_WORK ORDER_
The response should consist of the data below, copied exactly, with no pictures in it.

[Records from a dataset]
========================================================================

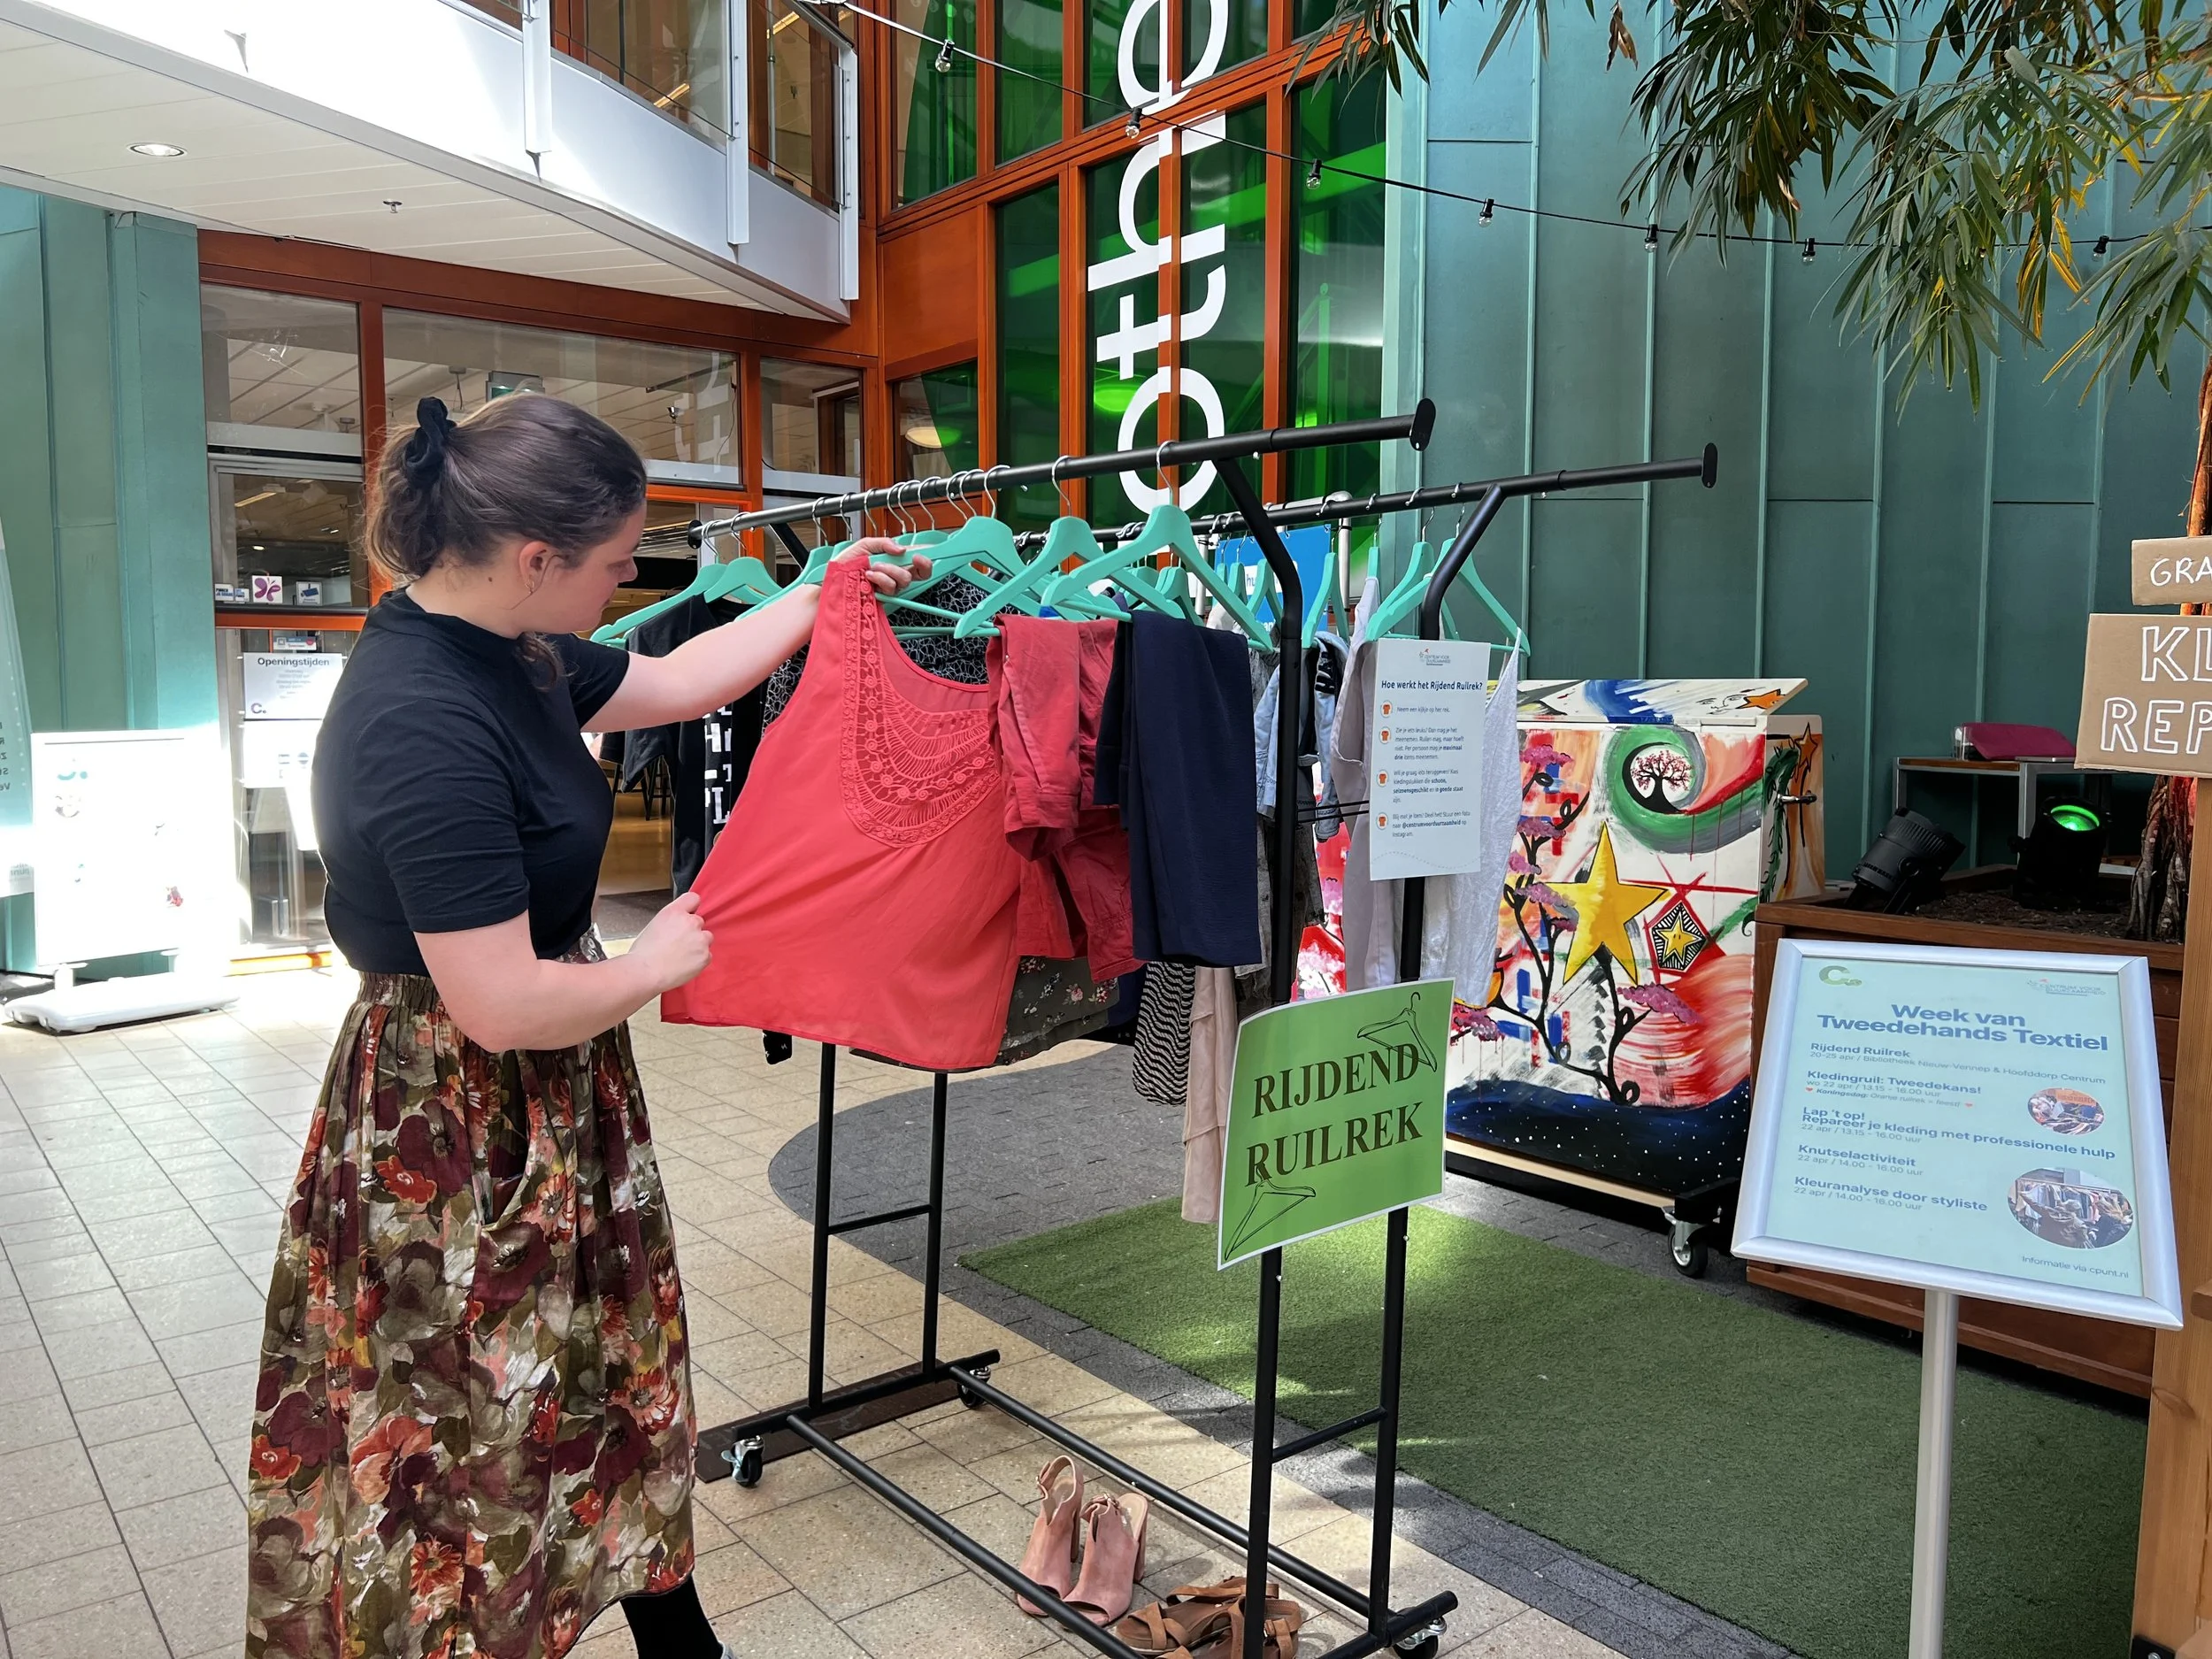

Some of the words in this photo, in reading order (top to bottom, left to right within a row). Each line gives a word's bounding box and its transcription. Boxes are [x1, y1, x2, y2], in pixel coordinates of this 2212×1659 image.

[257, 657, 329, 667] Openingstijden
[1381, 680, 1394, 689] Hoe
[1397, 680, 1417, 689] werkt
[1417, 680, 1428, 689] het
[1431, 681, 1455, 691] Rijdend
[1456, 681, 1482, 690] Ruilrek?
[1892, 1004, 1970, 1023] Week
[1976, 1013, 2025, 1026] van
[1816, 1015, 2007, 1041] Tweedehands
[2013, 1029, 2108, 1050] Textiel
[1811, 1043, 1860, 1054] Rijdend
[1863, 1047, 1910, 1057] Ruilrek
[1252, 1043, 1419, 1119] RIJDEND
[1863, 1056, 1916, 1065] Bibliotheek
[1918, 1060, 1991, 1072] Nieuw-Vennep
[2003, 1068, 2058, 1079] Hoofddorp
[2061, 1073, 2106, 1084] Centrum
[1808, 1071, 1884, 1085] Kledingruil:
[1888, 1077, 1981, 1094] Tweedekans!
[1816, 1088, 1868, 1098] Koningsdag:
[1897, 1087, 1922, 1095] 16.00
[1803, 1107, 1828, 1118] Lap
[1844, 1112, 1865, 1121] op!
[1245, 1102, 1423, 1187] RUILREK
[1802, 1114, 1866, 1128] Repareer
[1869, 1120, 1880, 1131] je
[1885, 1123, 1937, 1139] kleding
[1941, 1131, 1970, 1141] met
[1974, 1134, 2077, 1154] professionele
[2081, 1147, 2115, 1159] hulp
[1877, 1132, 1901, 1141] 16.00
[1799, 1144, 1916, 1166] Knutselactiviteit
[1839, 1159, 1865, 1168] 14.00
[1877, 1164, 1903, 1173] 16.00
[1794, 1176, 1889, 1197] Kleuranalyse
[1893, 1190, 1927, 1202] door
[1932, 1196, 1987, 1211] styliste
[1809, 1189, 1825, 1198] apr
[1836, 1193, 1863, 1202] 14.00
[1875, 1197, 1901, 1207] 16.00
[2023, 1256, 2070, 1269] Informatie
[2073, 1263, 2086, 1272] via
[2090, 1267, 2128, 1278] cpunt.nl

========================================================================

_SOLUTION FOR THIS TASK_
Some of the words in this photo, in reading order (top to bottom, left to right within a row). Each line gives a word's bounding box and its transcription. Boxes are [x1, y1, x2, y2], in pixel coordinates of this 2212×1659 image.

[257, 657, 329, 667] Openingstijden
[1381, 680, 1394, 689] Hoe
[1397, 680, 1417, 689] werkt
[1417, 680, 1428, 689] het
[1431, 681, 1455, 691] Rijdend
[1456, 681, 1482, 690] Ruilrek?
[1892, 1004, 1970, 1023] Week
[1976, 1013, 2025, 1026] van
[1816, 1015, 2007, 1041] Tweedehands
[2013, 1029, 2108, 1050] Textiel
[1811, 1043, 1860, 1054] Rijdend
[1863, 1047, 1910, 1057] Ruilrek
[1252, 1043, 1419, 1119] RIJDEND
[1863, 1056, 1916, 1065] Bibliotheek
[1918, 1060, 1991, 1072] Nieuw-Vennep
[2003, 1068, 2058, 1079] Hoofddorp
[2061, 1073, 2106, 1084] Centrum
[1808, 1071, 1884, 1085] Kledingruil:
[1888, 1077, 1981, 1094] Tweedekans!
[1816, 1088, 1868, 1098] Koningsdag:
[1897, 1087, 1922, 1095] 16.00
[1803, 1107, 1828, 1118] Lap
[1844, 1112, 1865, 1121] op!
[1245, 1102, 1423, 1187] RUILREK
[1802, 1114, 1866, 1128] Repareer
[1869, 1120, 1880, 1131] je
[1885, 1123, 1937, 1139] kleding
[1941, 1131, 1970, 1141] met
[1974, 1134, 2077, 1154] professionele
[2081, 1147, 2115, 1159] hulp
[1877, 1132, 1901, 1141] 16.00
[1799, 1144, 1916, 1166] Knutselactiviteit
[1839, 1159, 1865, 1168] 14.00
[1877, 1164, 1903, 1173] 16.00
[1794, 1176, 1889, 1197] Kleuranalyse
[1893, 1190, 1927, 1202] door
[1932, 1196, 1987, 1211] styliste
[1809, 1189, 1825, 1198] apr
[1836, 1193, 1863, 1202] 14.00
[1875, 1197, 1901, 1207] 16.00
[2023, 1256, 2070, 1269] Informatie
[2073, 1263, 2086, 1272] via
[2090, 1267, 2128, 1278] cpunt.nl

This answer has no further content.